Edge computing also brings opportunities to healthcare. Processing data on the edge at the hospital, for example, allows practitioners to instantly know abnormalities or irregularities in patients’ health. Further, patient information does not go to the cloud, reducing privacy issues.


Perhaps nowhere is the merit of edge computing and 5G more noticeable than in smart transportation. This takes place in several levels. Within the vehicle, sensors such as LiDAR and cameras transmit data to the advanced driver-assistance system (ADAS), which must make decisions in a split second (or even less). This will be essential in future autonomous vehicles.
Then there’s the Internet of Vehicles concept and traffic management. When trucks travel in a fleet, for example, they can transmit sensor data to monitor each other. In traffic management, video and other sensor data can be processed on the edge to give responses, for example increasing lanes to reduce congestion. 5G makes real-time, low-latency communications between the myriad of sensors possible.

Smart home

Smart homes also leverage IoT devices to achieve smartness. Currently the data generated by these devices mostly goes to the cloud, but the trend is such that the processing is moving to the edge. This is especially the case with consumer security cameras and smart speakers.

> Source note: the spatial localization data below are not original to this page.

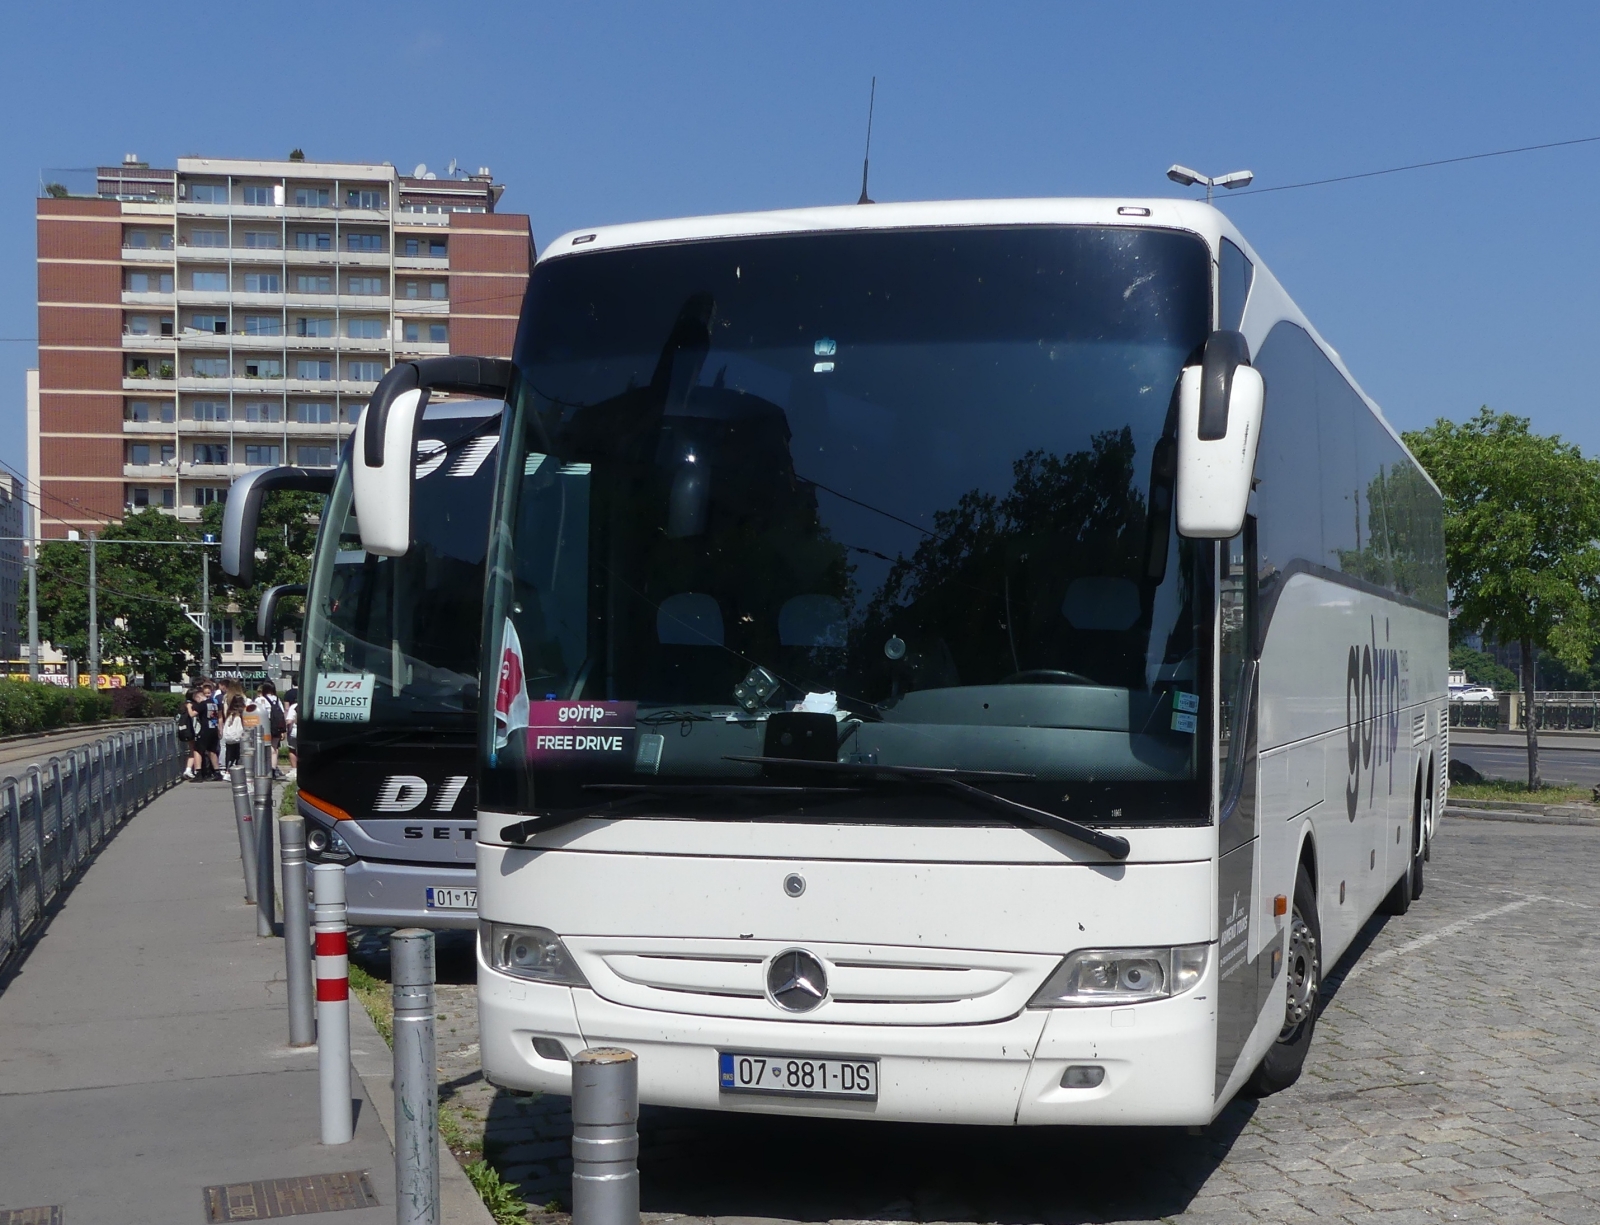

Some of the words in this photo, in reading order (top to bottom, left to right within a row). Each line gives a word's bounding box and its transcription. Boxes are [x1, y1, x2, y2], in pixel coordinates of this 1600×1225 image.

[326, 680, 362, 690] DITA
[317, 695, 368, 706] BUDAPEST
[320, 711, 339, 720] FREE
[340, 712, 364, 721] DRIVE
[536, 735, 573, 750] FREE
[575, 736, 623, 751] DRIVE
[372, 775, 469, 812] DI

Edge computing moves processing to the edge, a trend that is accelerated by 5G. What this means for end users is they should begin to consider – if they haven’t done so already – investing in these technologies to achieve further security, efficiency and intelligence. Telecom operators rolling out 5G, meanwhile, should also expand their services in the aforementioned use cases to increase revenue and offer more value for customers.